Quando um fluxo de ataque atinge 100+ Gbps, nenhuma configuração de sysctl ou iptables no servidor ajudará – o canal do cliente ficará completamente saturado antes mesmo que os pacotes cheguem ao host. Portanto, a responsabilidade é naturalmente dividida: o operador é responsável pelo backbone, roteamento, prevenção de spoofing (falsificação) e filtragem de tráfego malicioso nas bordas externas da rede; o cliente (administrador do servidor) – pela resiliência local do serviço, configurações corretas da pilha TCP/IP e detecção primária do incidente. A proteção eficaz é uma cadeia de medidas coordenadas: desde a validação de endereços de origem na rede do operador até filtros pontuais no SO do servidor.

O que é um Ataque SYN Flood (Análise Técnica)

O TCP estabelece uma conexão em três etapas: o cliente envia um SYN, o servidor responde com um SYN-ACK, o cliente confirma com um ACK. Em um SYN Flood, o atacante gera uma enorme quantidade de pacotes SYN e não completa o handshake (aperto de mão), fazendo com que o servidor acumule conexões “semiabertas” em filas (SYN backlog) e gaste memória e poder de processamento nelas. Os efeitos negativos se manifestam como um aumento na latência, queda na disponibilidade das portas (normalmente 80/443) e, em casos críticos, falha completa do serviço.

Os ataques variam: diretos (fluxo de IPs reais), com endereços falsificados (IP-spoofing, refletidos/DRDoS), massivos em intervalos e direcionados a serviços específicos.
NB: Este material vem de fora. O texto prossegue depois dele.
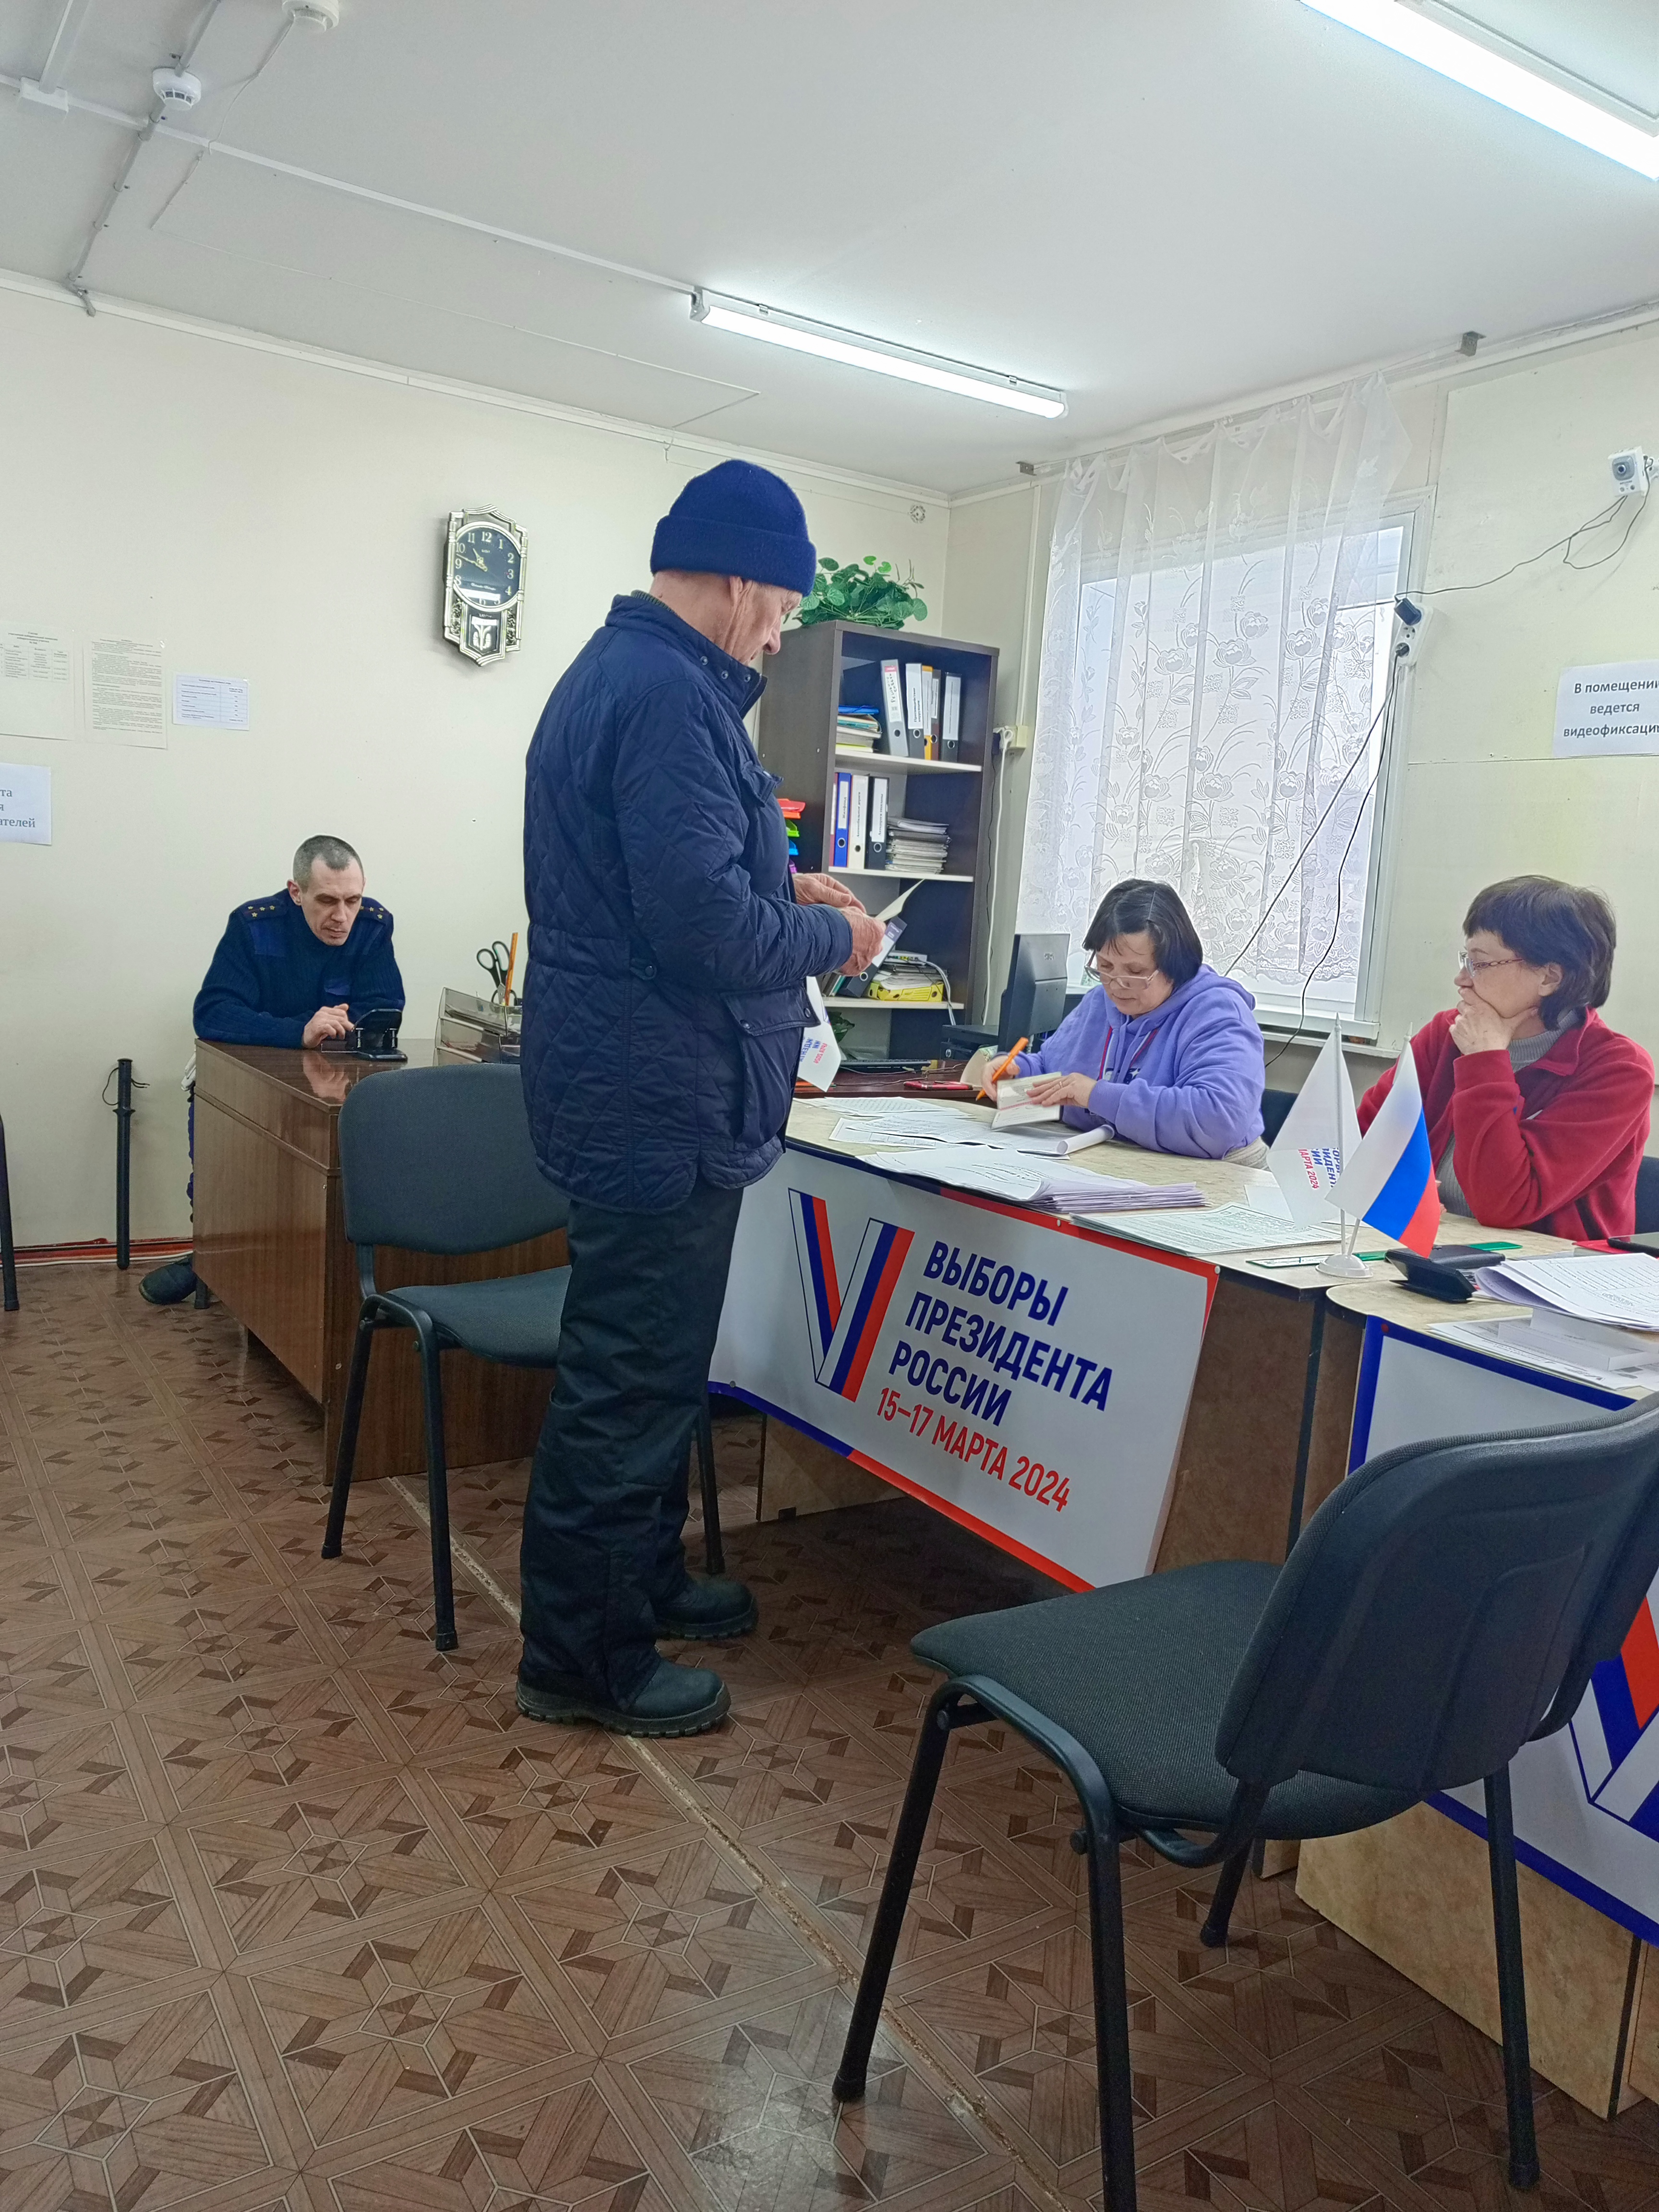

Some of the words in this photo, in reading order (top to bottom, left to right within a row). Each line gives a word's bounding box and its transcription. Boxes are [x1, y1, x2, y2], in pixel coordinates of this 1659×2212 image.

[468, 532, 475, 543] 11
[481, 531, 492, 542] 12
[456, 542, 465, 553] 10
[499, 539, 503, 549] 1
[455, 558, 462, 569] 9
[507, 553, 514, 564] 2
[507, 569, 514, 579] 3
[455, 575, 461, 586] 8
[505, 586, 511, 595] 4
[1575, 683, 1581, 694] В
[1590, 704, 1639, 715] ведется
[1307, 1171, 1319, 1189] 2024
[923, 1240, 1069, 1326] ВЫБОРЫ
[905, 1291, 1112, 1411] ПРЕЗИДЕНТА
[889, 1340, 1012, 1427] РОССИИ
[932, 1415, 1008, 1480] МАРТА
[1009, 1456, 1070, 1512] 2024
Cenários refletidos são especialmente perigosos: o invasor falsifica o IP de origem da vítima, e milhares/centenas de milhares de servidores terceiros enviam respostas em direção à vítima – no final, a carga é multiplicada e excede as capacidades de um único host.

Por que os Métodos Clássicos no Servidor são às vezes Inúteis (Caso de 100+ Gbps)
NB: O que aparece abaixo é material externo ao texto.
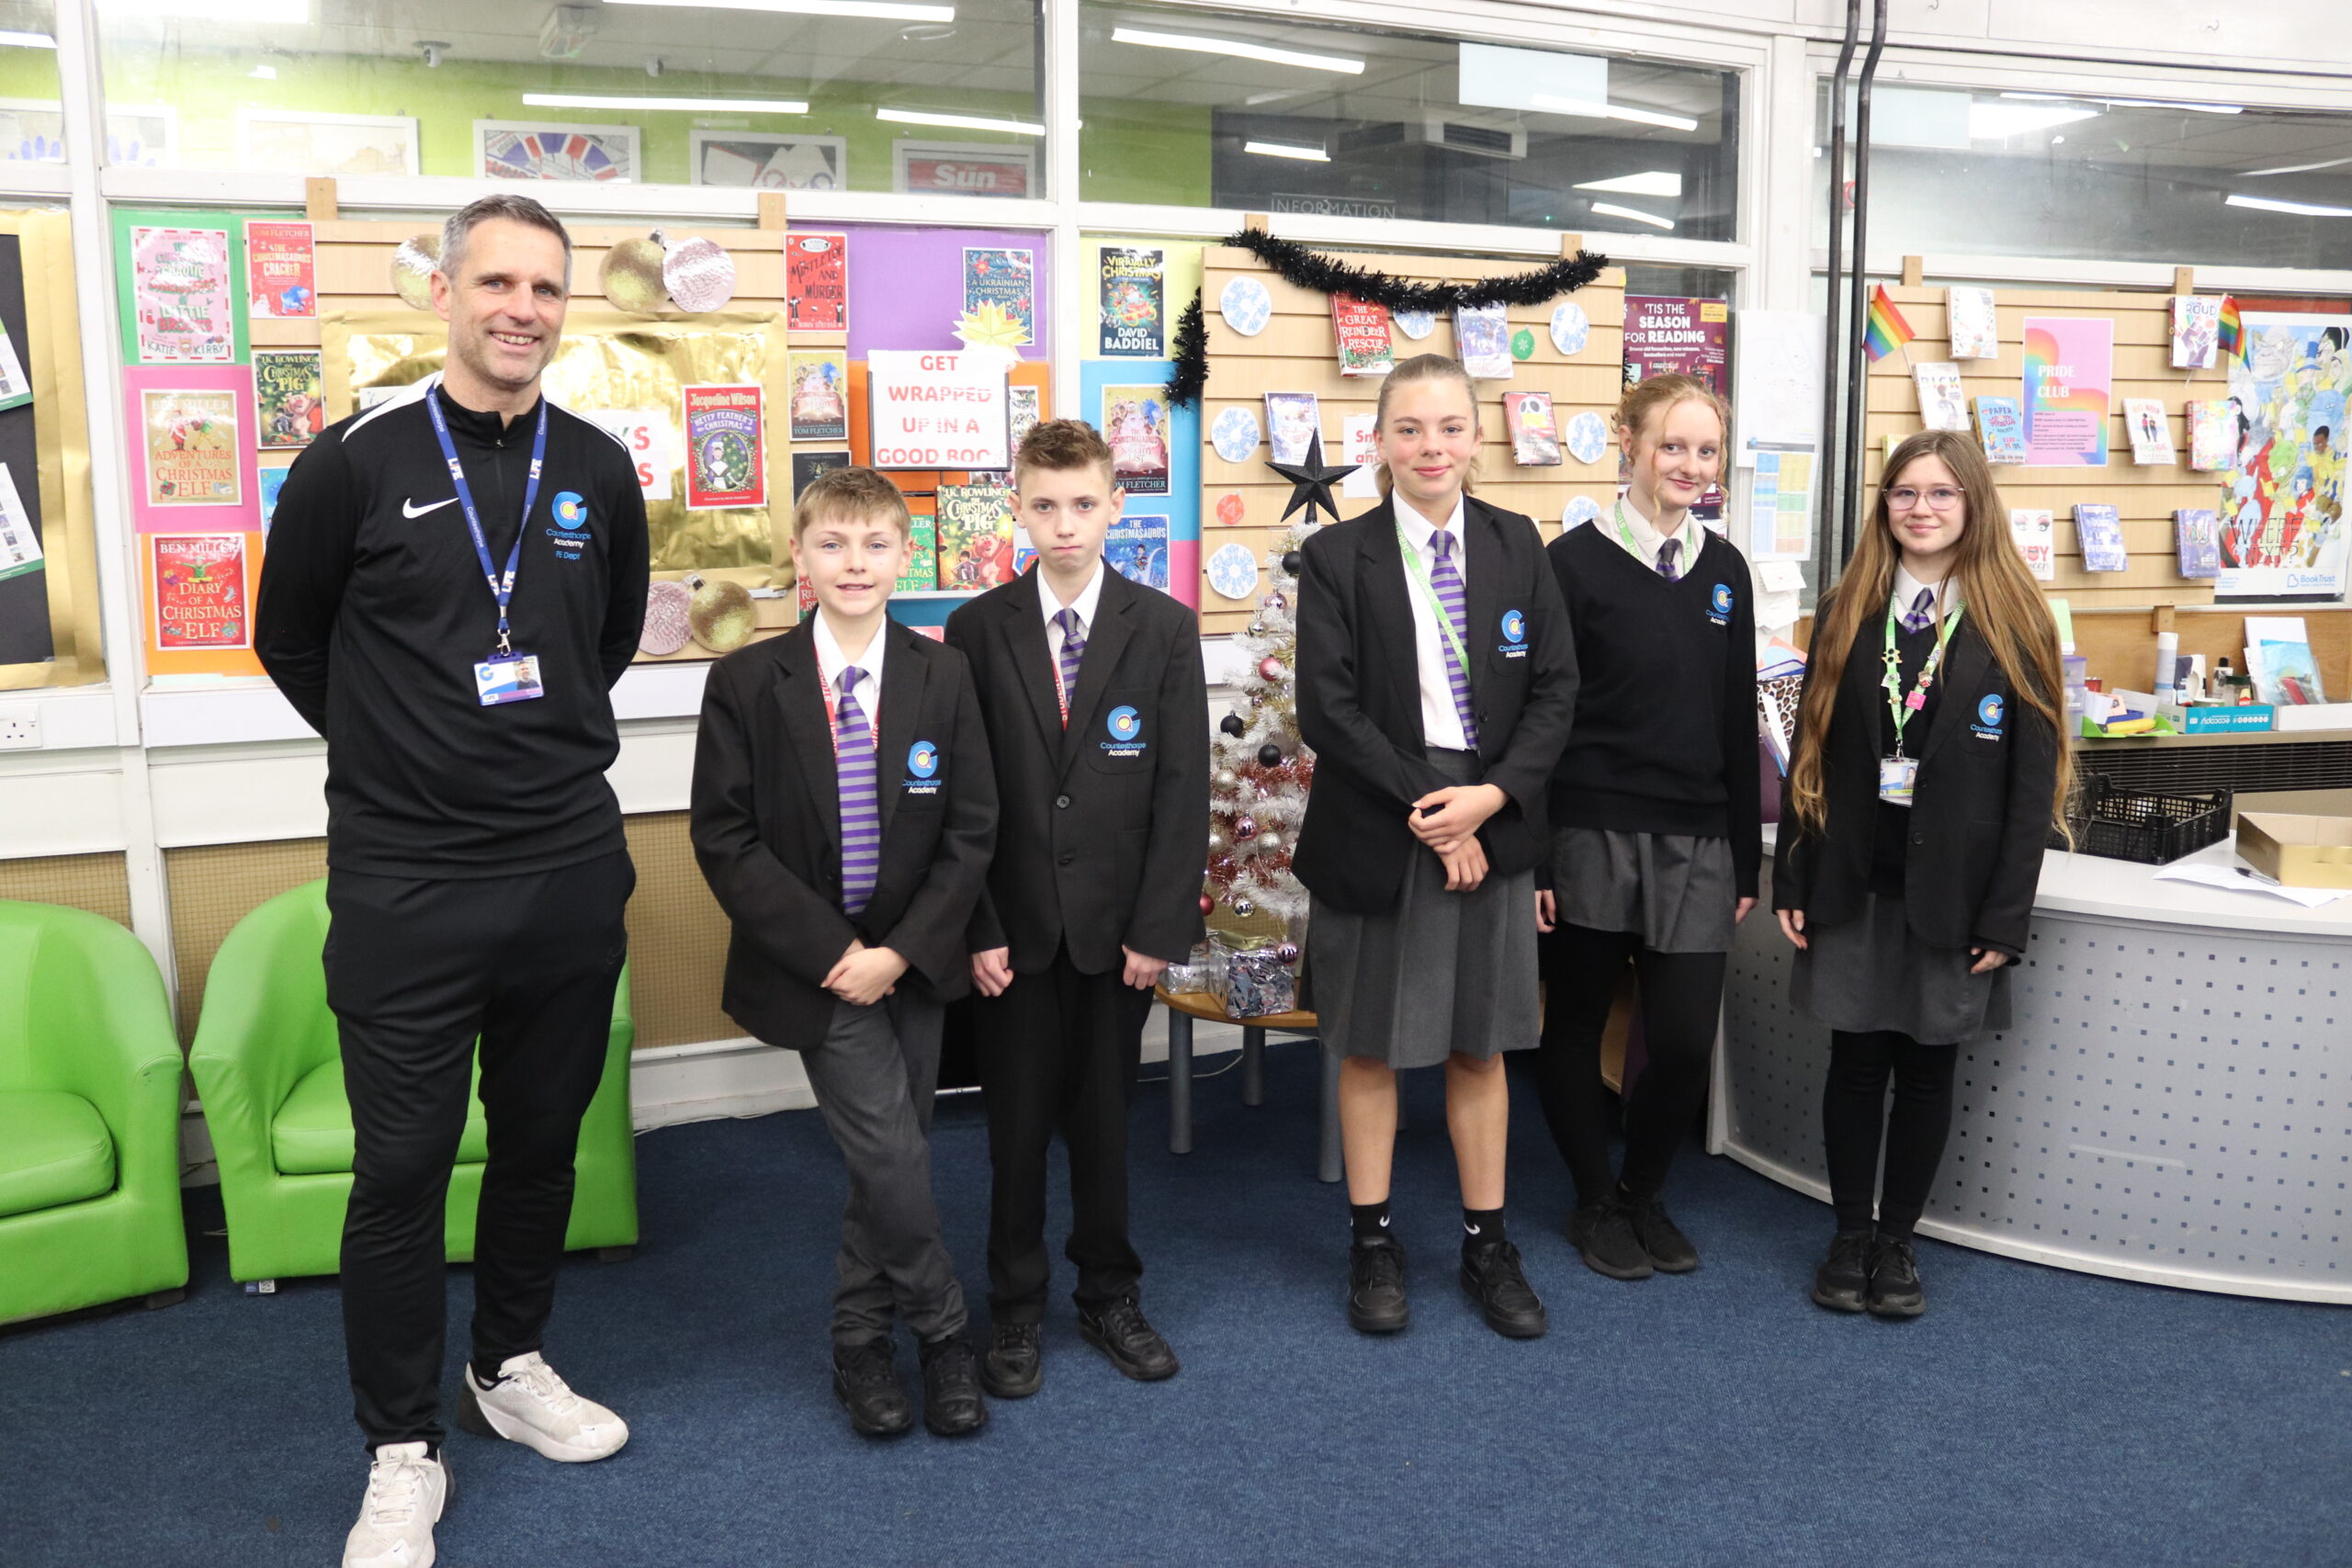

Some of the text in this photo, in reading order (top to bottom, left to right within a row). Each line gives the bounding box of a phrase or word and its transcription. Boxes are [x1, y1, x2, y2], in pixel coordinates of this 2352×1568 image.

[933, 164, 996, 187] Sun
[1271, 198, 1396, 219] INFORMATION
[1106, 256, 1156, 267] VIRTUALLY
[979, 277, 1024, 287] UKRAINIAN
[805, 284, 843, 299] MURDER
[1645, 304, 1685, 314] 'TIS THE
[1345, 315, 1378, 324] GREAT
[1639, 316, 1690, 329] SEASON
[1118, 328, 1148, 337] DAVID
[1341, 326, 1386, 338] REINDEER
[1625, 331, 1705, 343] FOR READING
[147, 341, 225, 355] KATIE KIRBY
[1105, 337, 1159, 350] BADDIEL
[1348, 339, 1385, 349] RESCUE
[276, 355, 314, 363] ROWLING
[921, 355, 958, 371] GET
[264, 366, 311, 382] CHRISTMAS
[2038, 365, 2075, 378] PRIDE
[277, 378, 304, 391] PIG
[888, 386, 991, 402] WRAPPED
[2037, 386, 2069, 398] CLUB
[690, 393, 756, 410] Jacqueline Wilson
[428, 393, 445, 433] Countesthorpe
[1988, 407, 2012, 415] PAPER
[694, 412, 753, 426] HETTY FEATHER'S
[705, 420, 743, 431] CHRISTMAS
[902, 417, 980, 434] UP IN A
[155, 450, 232, 460] ADVENTURES
[876, 447, 939, 465] GOOD
[156, 468, 232, 481] CHRISTMAS
[447, 457, 464, 480] LIFE
[529, 458, 543, 479] LIFE
[178, 481, 210, 497] ELF
[944, 488, 1005, 497] J.K. ROWLING
[946, 499, 1003, 521] CHRISTMAS
[467, 506, 484, 548] Countesthorpe
[961, 513, 996, 531] PIG
[1129, 520, 1142, 528] THE
[546, 528, 593, 540] Countesthorpe
[1106, 527, 1166, 539] CHRISTMASAURUS
[2230, 517, 2303, 545] WHERE
[160, 542, 240, 554] BEN MILLER
[553, 537, 584, 549] Academy
[2245, 545, 2299, 565] NEXT?
[501, 570, 515, 592] LIFE
[2300, 575, 2335, 583] BookTrust
[179, 582, 222, 595] DIARY
[188, 596, 203, 605] OF
[163, 605, 242, 619] CHRISTMAS
[185, 623, 220, 639] ELF
[1442, 620, 1464, 658] STUDENT
[1100, 741, 1147, 750] Countesthorpe
[1108, 749, 1140, 757] Academy
[908, 786, 937, 795] Academy
Ferramentas locais (SYN Cookies, aumento do tcp_max_syn_backlog, limites de taxa no iptables) são eficazes sob carga moderada, quando o ataque está dentro da capacidade do canal do cliente. Mas quando o ataque excede a largura de banda do canal externo, o tráfego “excedente” é cortado no uplink. Apenas a parte dos pacotes que cabe no canal chega à rede do operador. Esta é precisamente a razão pela qual o papel do operador é crítico: ele deve absorver/filtrar o tráfego malicioso ainda no backbone ou redirecionar o fluxo para um centro de scrubbing (nó especializado na limpeza de tráfego DDoS) – caso contrário, o servidor ficará incomunicável, independentemente do nível de sua configuração local.

Como um Operador Detecta Anomalias e Quais Ferramentas Ele Tem

Fundação: Prevenção de Falsificação de IP (IP Spoofing)

A primeira regra no combate a ataques refletidos é não permitir a saída de pacotes com endereços de origem “estranhos” da rede. A implementação do BCP 38 / RFC 2827 (Validação de Endereço de Origem) consiste em proibir pacotes de saída (egress) cujo IP de origem não pertença à rede do assinante. Na prática: ACLs em roteadores de borda e filtros no perímetro. Isso não é uma panaceia, mas bloqueia o componente mais perigoso do DRDoS (Ataque de Negação de Serviço Distribuído e Refletido).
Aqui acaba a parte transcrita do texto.